Как ни сладостна слава, но яд наготове
У судьбы. Берегись отравиться халвой!
(пер. Г. Плисецкий) [pli-0350]
Поутру просыпается роза моя,
На ветру распускается роза моя.
О жестокое небо! Едва распустилась --
Как уже осыпается роза моя.
(пер. Г. Плисецкий) [pli-0052]
Столкновение индивида с судьбой (небом, этим миром) в стихах
Хайяма не ведет к мирному исходу, личность в этой схватке терпит
поражение, она гибнет. Однако дух лирического героя не сломлен,
он не раскаивается и не признает себя побежденным.

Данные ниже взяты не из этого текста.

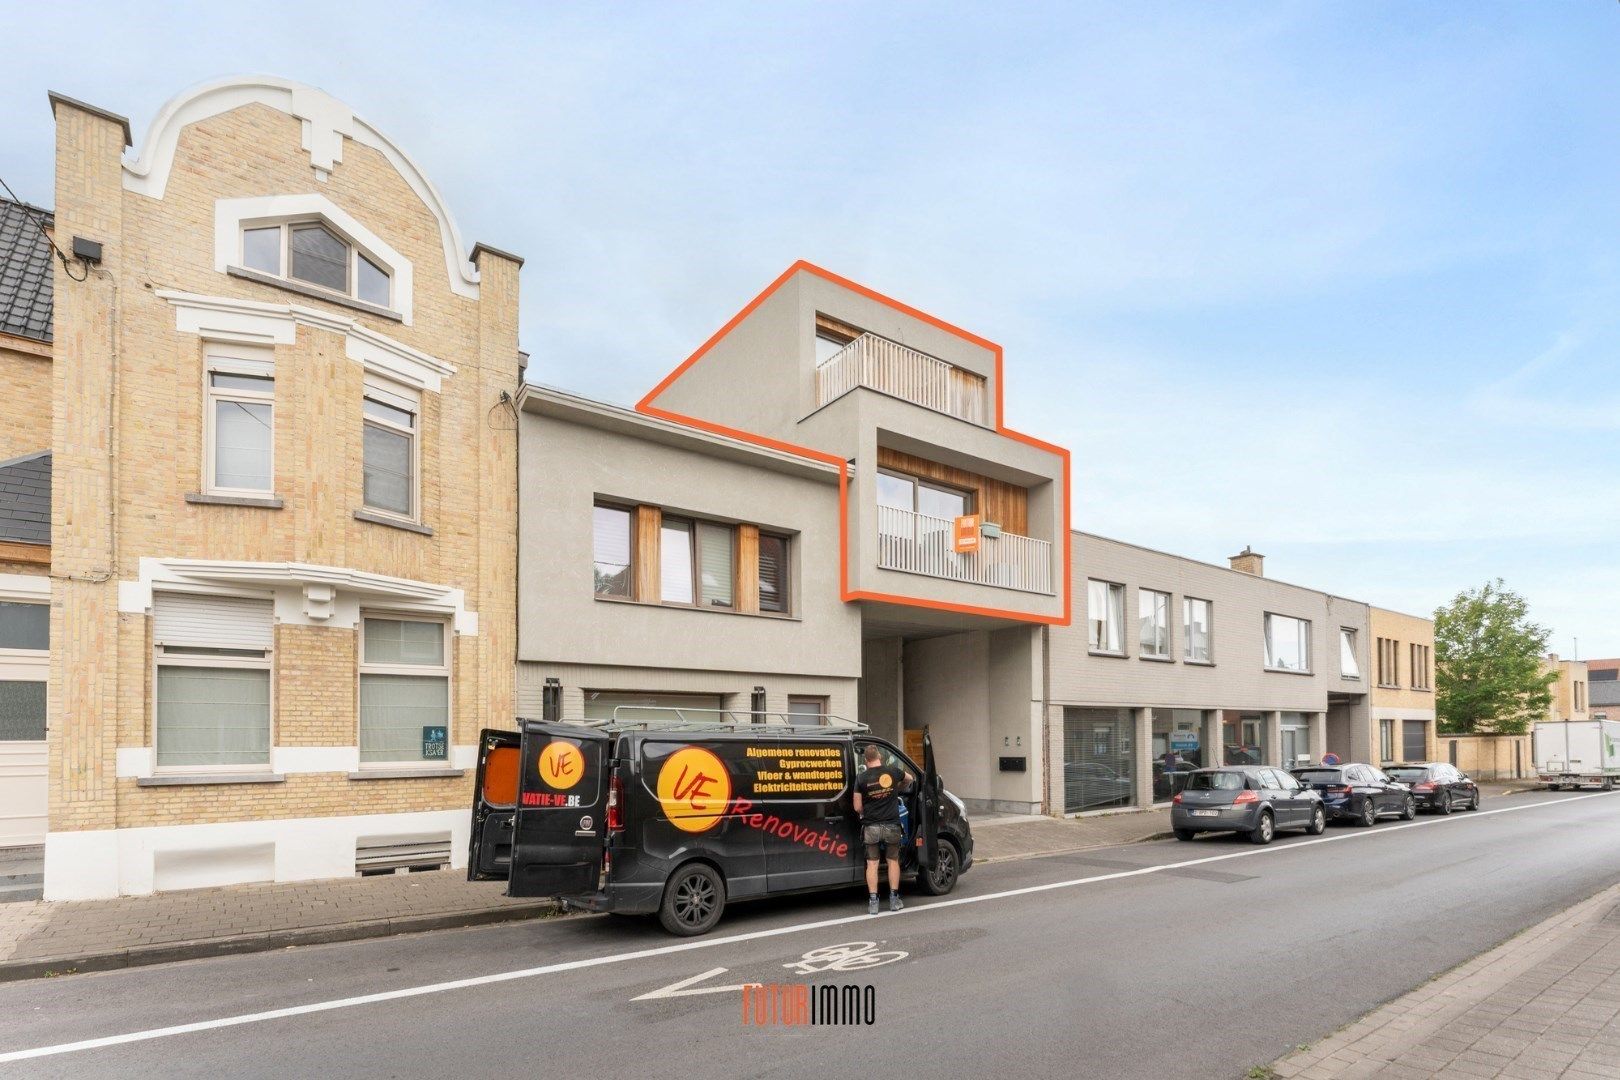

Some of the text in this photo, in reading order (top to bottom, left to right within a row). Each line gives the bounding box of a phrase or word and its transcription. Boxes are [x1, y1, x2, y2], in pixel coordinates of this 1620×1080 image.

Омар Хайям в своих стихах не предлагает читателю стройной,
положительной концепции мироздания и человеческой личности, он
не пишет о том, каким представляется ему идеальный мир, каким,
по его мнению, должен быть человек, какими положительными качес-
твами тот должен обладать. Он только отрицает существующее, от-
рицает то, что изображается положительным и святым в Коране, от-
вергает мораль и нравственные устои, навязанные людям мусульман-
ством. Он прекрасно владеет логикой и часто использует ее как
оружие против мусульманских догм, вскрывая противоречия, содер-
жащиеся в Коране, отрицая здравый смысл Священного писания му-
сульман.
Но логика -- инструмент ученого, в поэзии же на первый план
выступают задачи эмоционального воздействия на читателя. В этом
смысле интересны стихи, в которых лирический герой как бы выяс-
няет свои взаимоотношения с творцом. Омар Хайям страстно, поры-
висто протестует против смерти, призывает к радостной, полной
мирских, чувственных наслаждений жизни. Смерть противоестествен-
на -- и однако по воле и желанию творца она неизбежна. Поет
вступает в полемику с богом, выражая свой гневный бунт против
неумолимой смерти:
Отчего всемогущий творец наших тел
Даровать нам бессмертия не захотел?
Если им совершенны -- зачем умираем?
Если несовершенны -- то кто бракодел?
(пер. Г. Плисецкий) [pli-0083]
Коль скоро смерть неотвратима, а жизнь -- быстротечна, она
кажется Хайяму бессмысленной, лишенной какой-либо положительной
цели. Но и в мир иной Хайям не верит, подвергая, таким образом,
сомнению одну из основ ислама. Он резко восстает против надежды
на загробную жизнь и призывает получить от реальной жизни все
возможное:
"Как там -- в мире ином?" -- я спросил старика,
Утешаясь вином в уголке погребка.
"Пей! -- ответил. -- Дорога туда далека.